“Writing is not necessarily something to be ashamed of, but do it in private and wash your hands afterwards.” -- Robert A. Heinlein --
Since my Deep Brain Stimulation surgery in April and May of
2017, things have been quiet and sparse around here. Maybe there’s something to “The Myth of the
Suffering Artist.” I'll caveat that: in no way, shape, or
form do I consider myself an artist. I have and always will approach things as a technician, or maybe an engineer. Even when it comes to writing. At the age of 9, I was introduced to a
cognitive model called “Blooms Taxonomy.” It provided an interesting crystal ball for scrying into to cobwebs and haunted machinery in my head. (Is that you, Lord Sauron?) I’ll spare you the
boring and deviant details of my training and early adventures in metacognition, but I've come to realize where my mind does its best work: synthesis.
“Using old concepts to create new ideas; design and invention; composing; imagining; inferring; modifying; predicting; combining”

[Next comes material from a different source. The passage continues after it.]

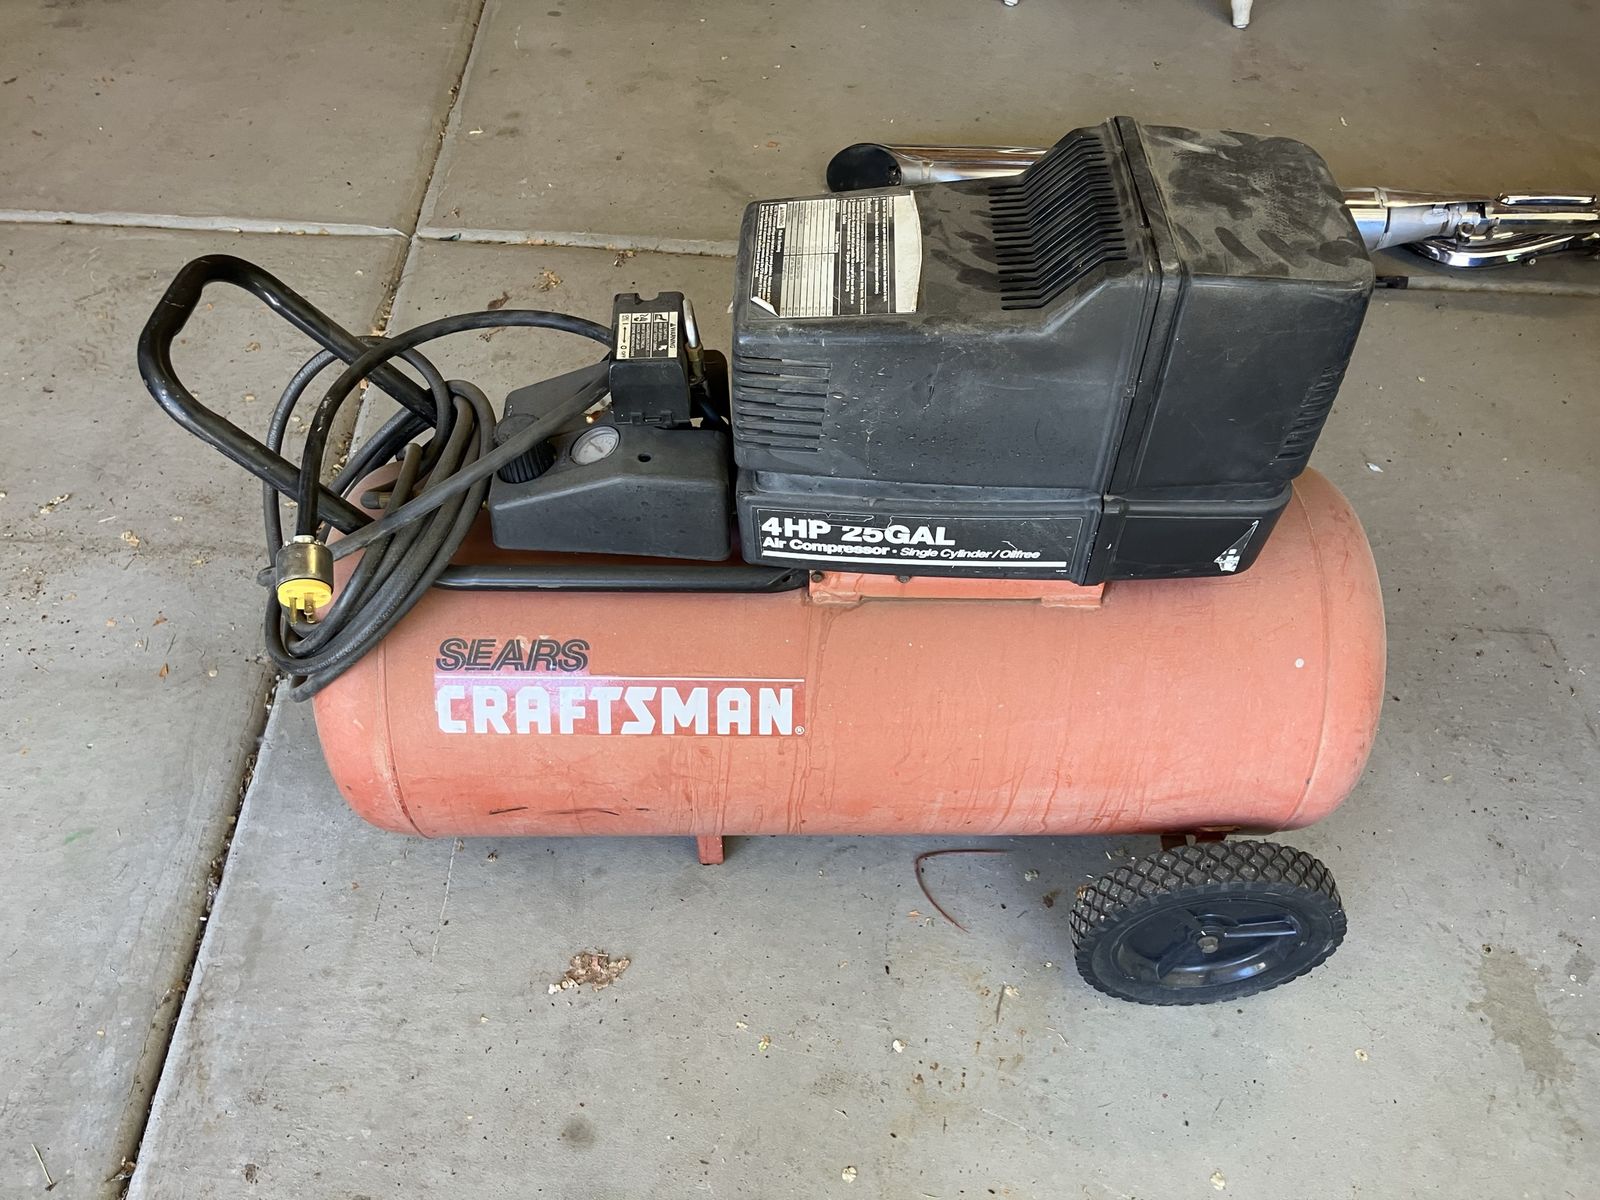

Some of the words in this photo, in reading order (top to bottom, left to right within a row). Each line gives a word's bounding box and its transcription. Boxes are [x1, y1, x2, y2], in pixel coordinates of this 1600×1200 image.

For me, writing is a problem-solving and design process. I throw a few concepts, quotes, and
references at a wall. I arrange,
rearrange, connect, fill, typo, misspell, despair, yell, accept, and
publish. But there's no art here. It lacks creativity and originality. For example, this is where I should insert a gratuitous (and overused) quote from Saint Norman:
...all good things - trout as well as eternal salvation - come by grace and grace comes by art and art does not come easy.